The aluminium industry is expecting an 'economic dip' in 2020, according to the Gesamtverband der Aluminiumindustrie (GDA).
According to the GDA, the German aluminium industry saw restrictions in production in all areas in the first half of 2020, though it is expecting a slight recovery in the second half of the year.
Production of raw metal fell by more than 14%, with further processing and the production of semi-finished products each falling by more than 5%.
GDA’s managing director Marius Baader, commented (in a statement translated from German): “The COVID-19 crisis tore deep holes in the balance sheet for the first half of the year. Our member survey, which we carried out at the end of Q2 2020, shows the immense effects and force of the coronavirus pandemic.
“With a share of 92%, the lack of orders is the most significant production hindrance. This slump is, of course, also noticeable in our call-off and production figures.”
The organisation said many customer industries, especially the aviation and automotive sectors, posted a ‘sharp drop’ in sales. Many of its member companies also had to reduce their production quickly, or even halt production temporarily.
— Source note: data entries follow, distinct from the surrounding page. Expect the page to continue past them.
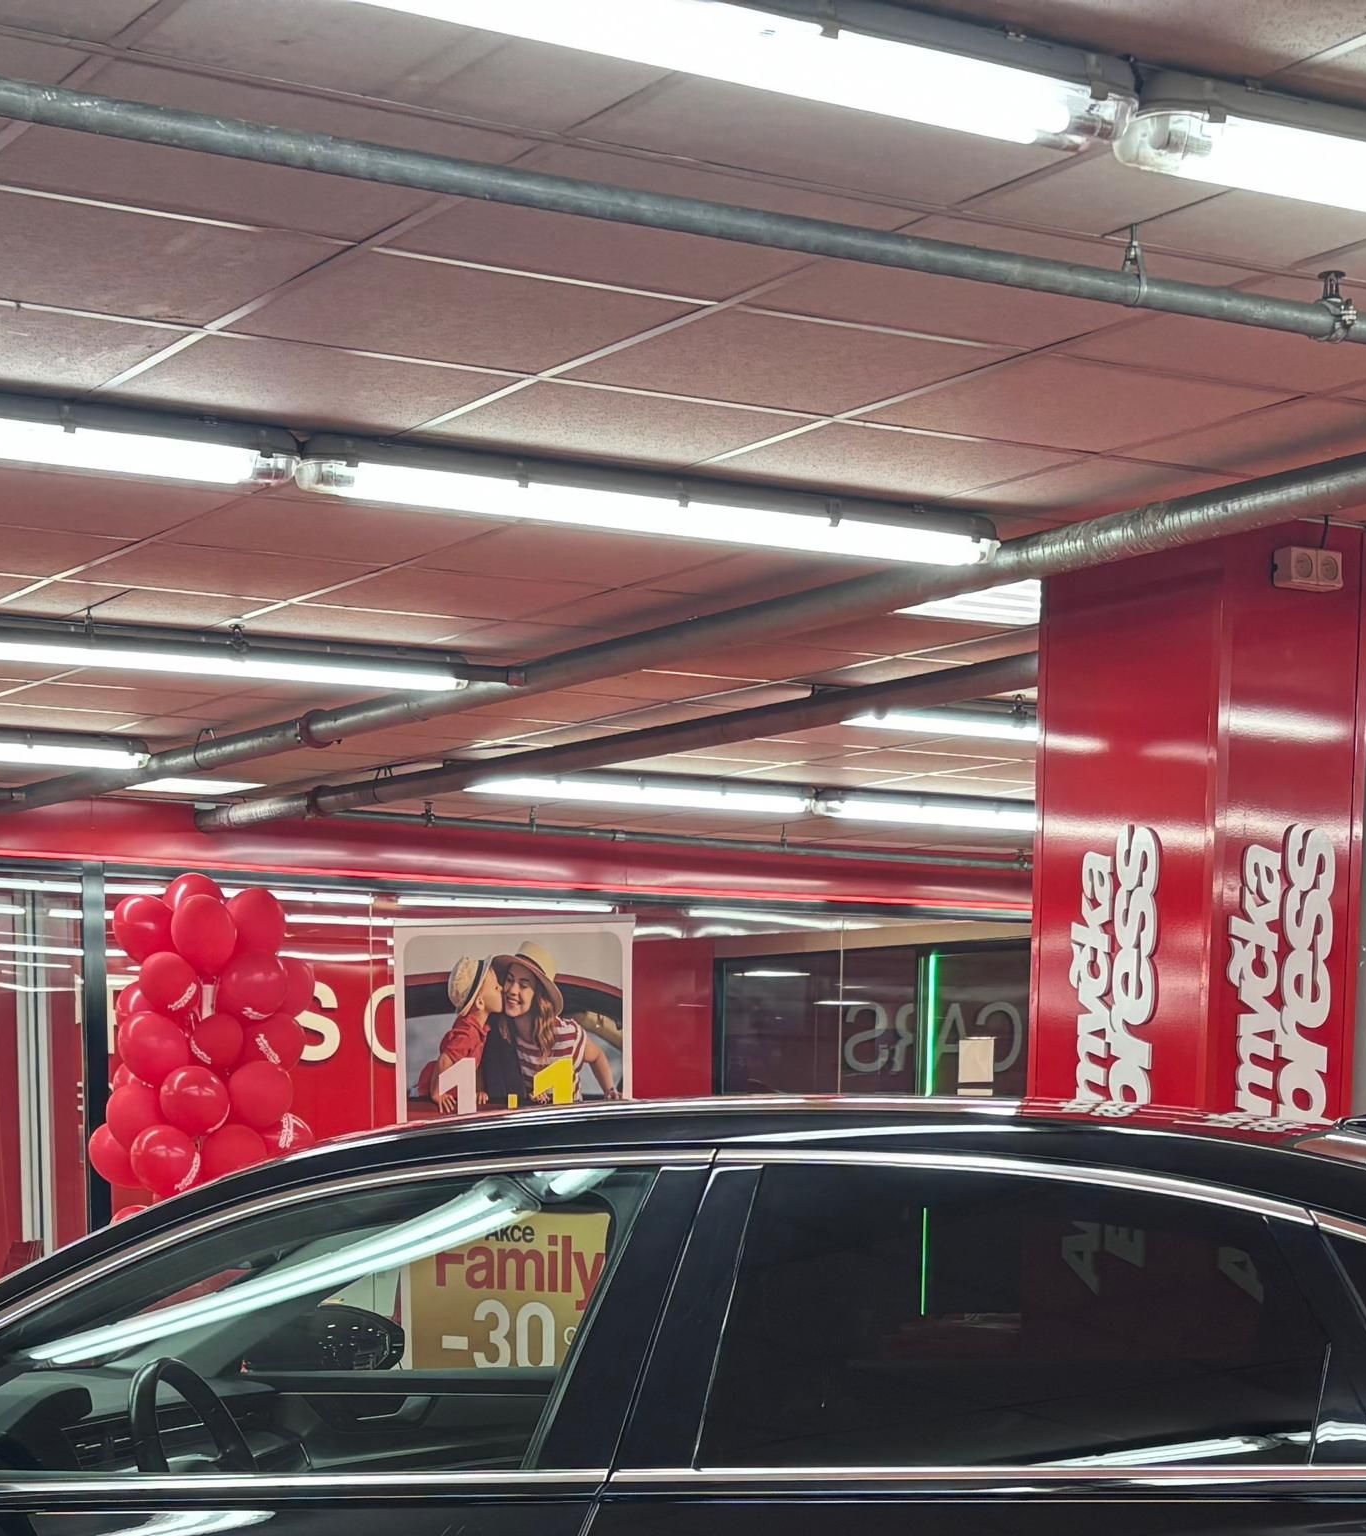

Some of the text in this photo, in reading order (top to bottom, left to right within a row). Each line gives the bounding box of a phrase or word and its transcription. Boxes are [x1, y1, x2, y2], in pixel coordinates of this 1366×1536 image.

[1070, 851, 1113, 1103] myčka
[1108, 824, 1160, 1104] press
[1227, 844, 1282, 1117] myčka
[1277, 823, 1335, 1124] press
[435, 1234, 605, 1311] Family
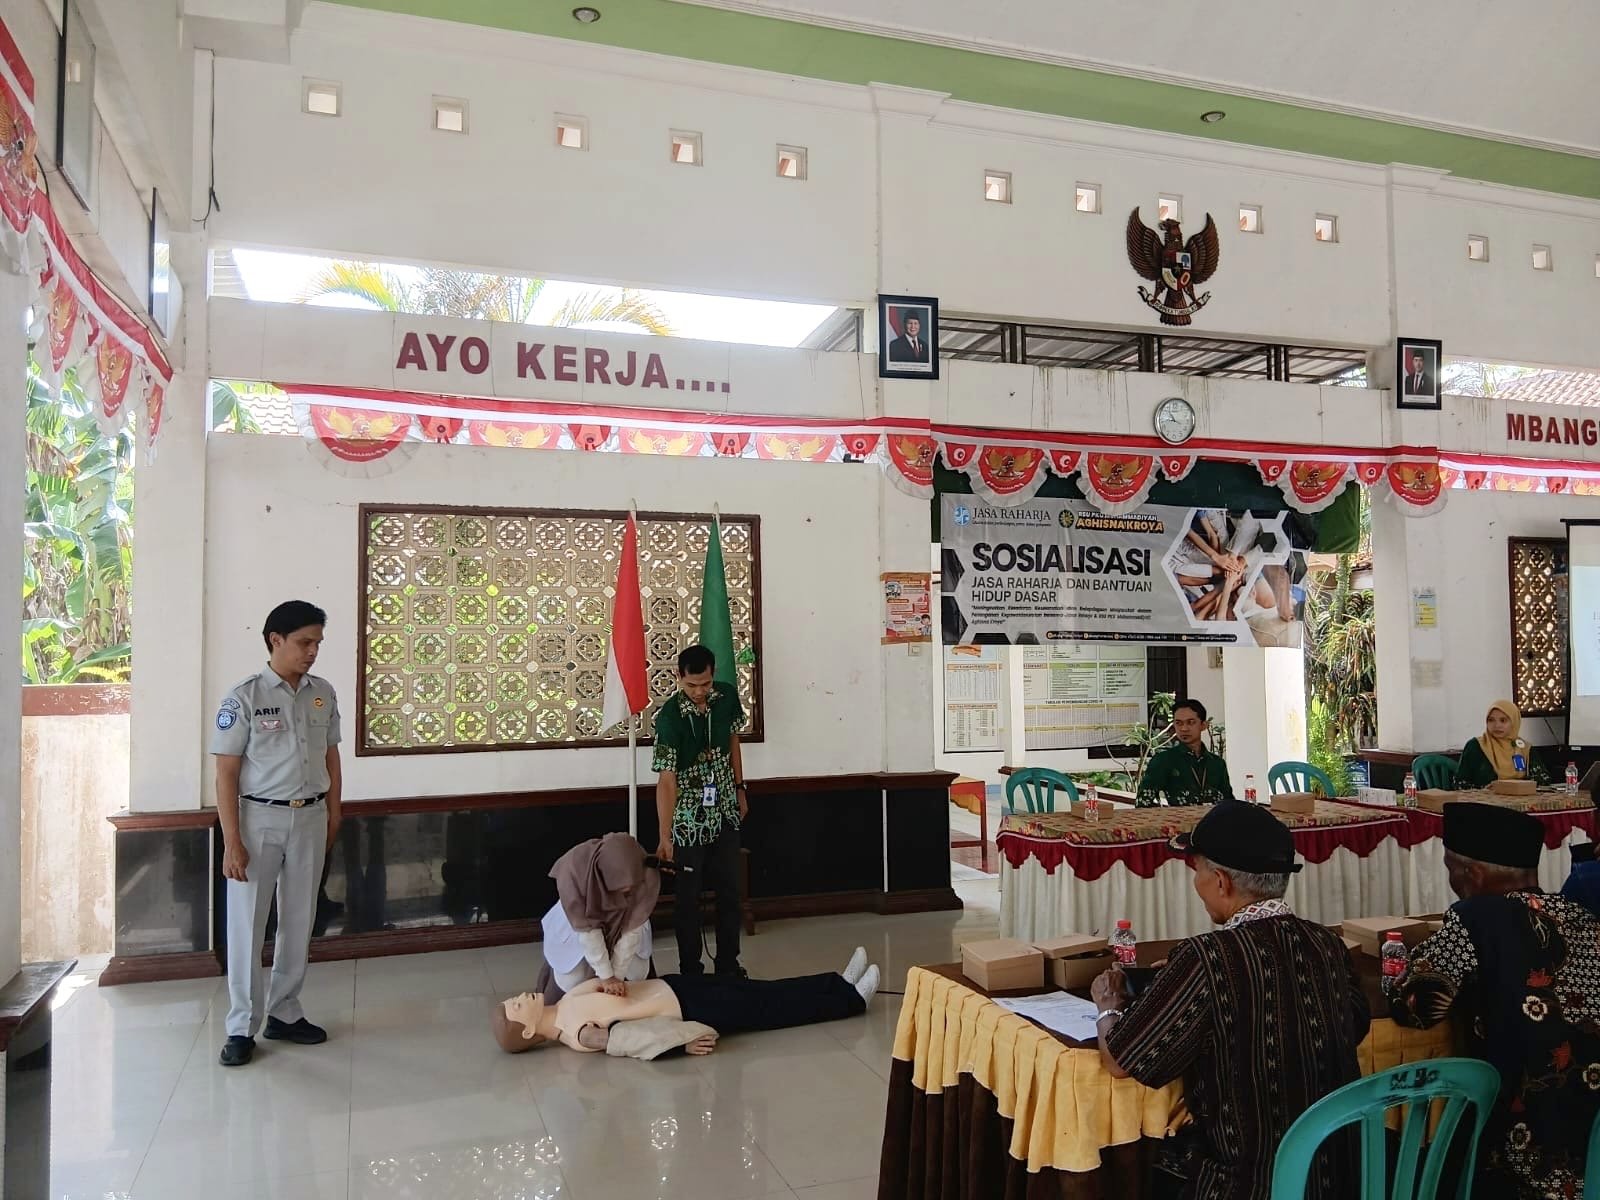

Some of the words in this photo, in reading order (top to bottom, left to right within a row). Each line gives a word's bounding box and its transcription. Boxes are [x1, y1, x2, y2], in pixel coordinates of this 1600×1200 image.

[396, 332, 490, 374] AYO
[517, 341, 731, 393] KERJA....
[1506, 413, 1600, 446] MBANG
[973, 507, 997, 519] JASA
[1000, 508, 1051, 521] RAHARJA
[1077, 518, 1124, 530] AGHISNA
[1126, 521, 1164, 531] KROYA
[972, 543, 1151, 576] SOSIALISASI
[971, 576, 1004, 589] JASA
[1007, 577, 1062, 590] RAHARJA
[1067, 579, 1090, 590] DAN
[1093, 580, 1152, 592] BANTUAN
[972, 591, 1011, 602] HIDUP
[1014, 591, 1056, 602] DASAR
[254, 707, 280, 716] ARIF
“The federal government quickly put together aid packages for companies,” added Baader. “The speed of reaction helped the company a lot at the beginning of the crisis.”
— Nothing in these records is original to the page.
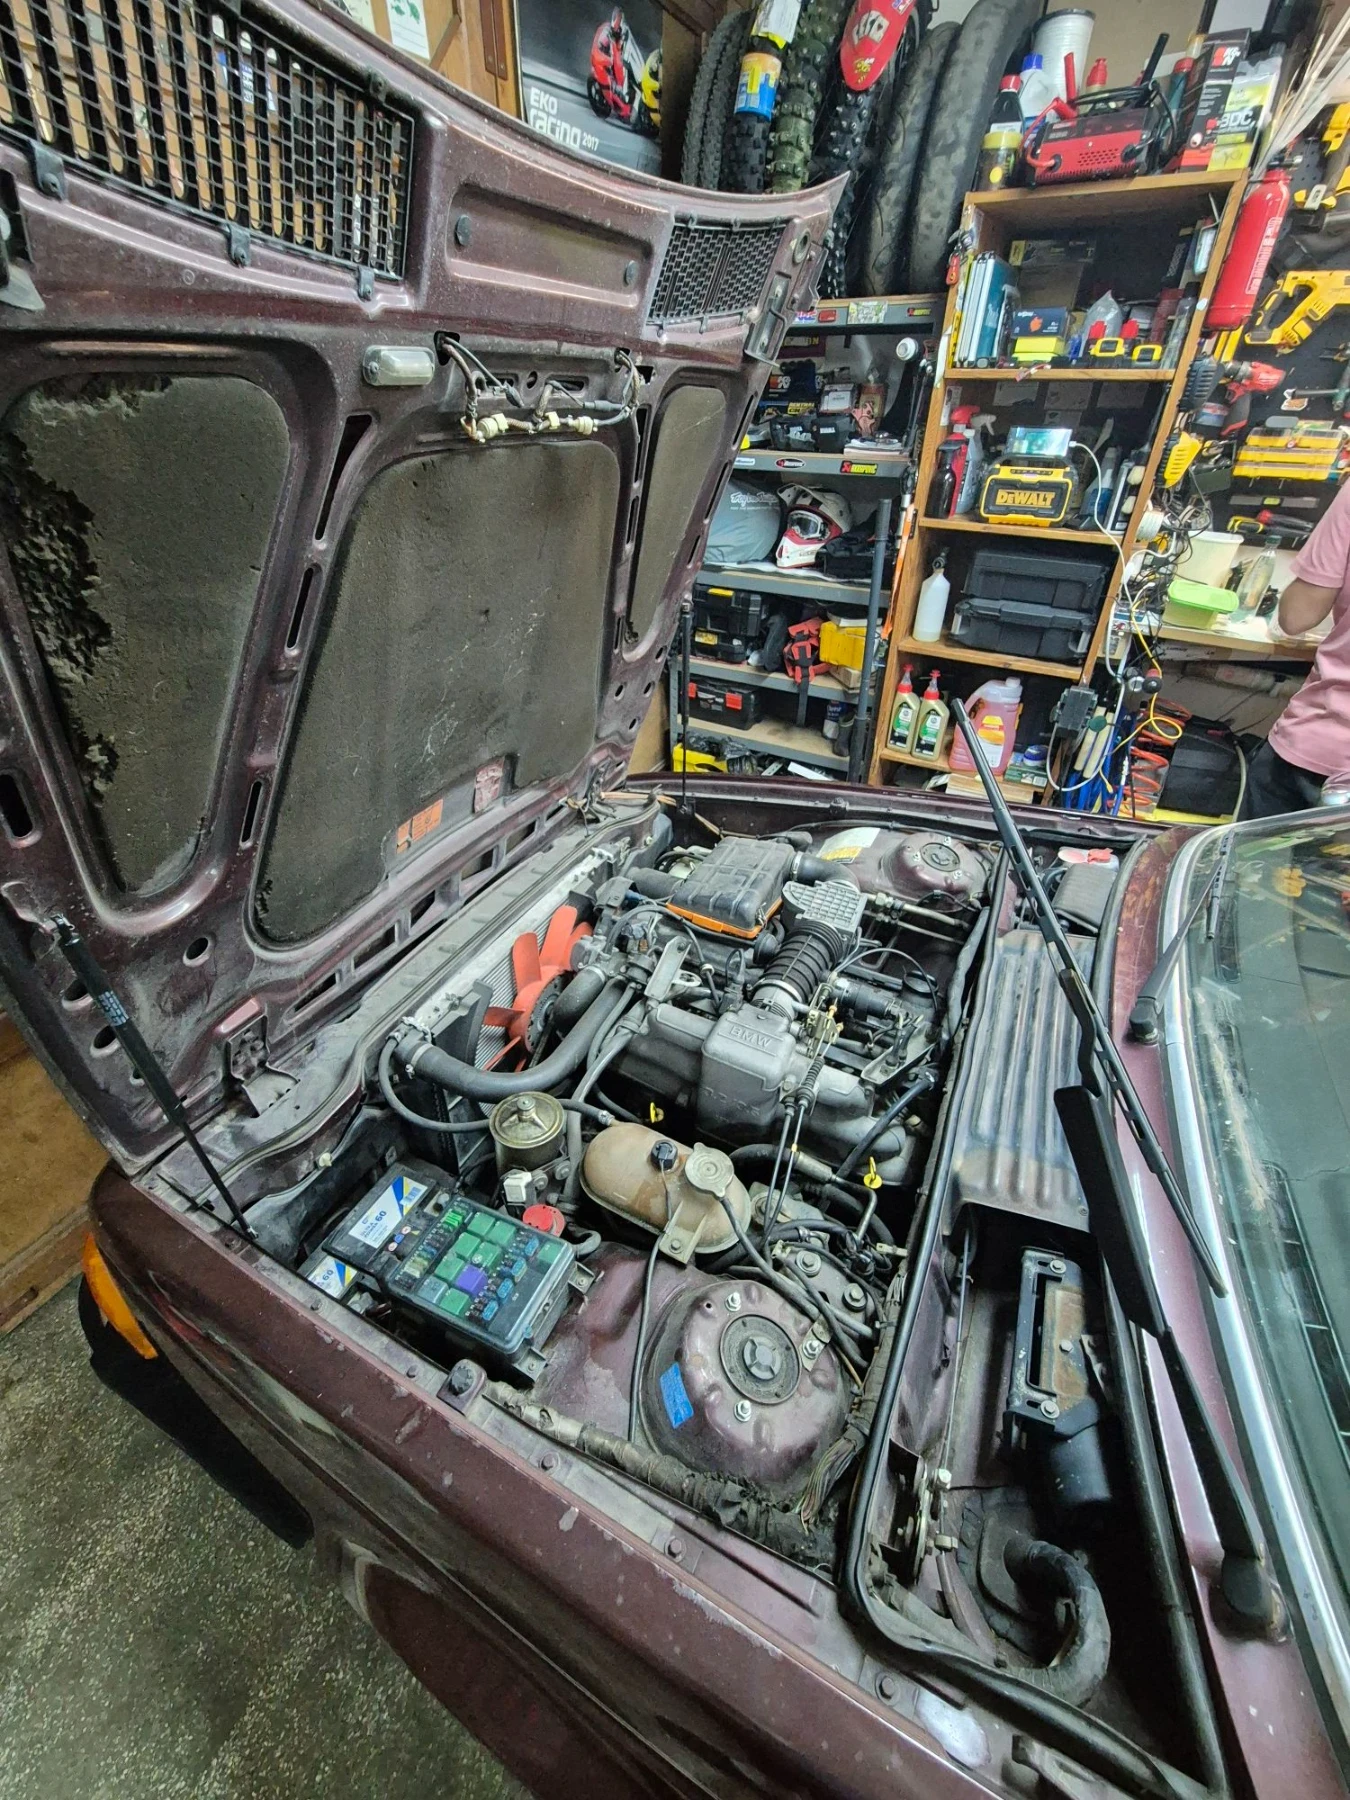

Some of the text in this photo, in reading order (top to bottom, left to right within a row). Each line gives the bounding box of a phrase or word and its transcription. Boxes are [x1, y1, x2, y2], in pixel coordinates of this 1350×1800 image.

[530, 86, 558, 116] EKO
[582, 132, 600, 152] 2017
[996, 489, 1056, 509] DEWALT
[730, 1025, 772, 1048] BMW
[375, 1210, 387, 1222] 60
[322, 1269, 334, 1281] 60
The outlook for the second half of the year is somewhat more positive, according to the GDA. While GDA members anticipate a slightly recovery in the second half of 2020, the production volume of 2019 “will remain out of reach”.
“We are very concerned about the growing trade conflict between Europe and China,” said Andreas Postler, head of economics and trade policy.
“China has built up an enormous amount of overcapacity in recent years. Significant parts of this are entering the EU. That is why the EU launched an anti-dumping investigation into aluminium extrusion products originating in China in February.
“Additionally, there is a new study of certain aluminium rolled products, which make up the largest part of aluminium imports.
“China, too, must abide by the global rules of free and fair trade. We therefore welcome the review of the behaviour of the Chinese aluminium industry.”
Baader concluded: “The demand for aluminium will continue to grow globally and demand in Germany is consistently high. The material offers innovative solutions for the questions of the time. Germany, as a location, is highly competitive and powerful – this is largely due to the high innovation potential and technical competence of the employees.”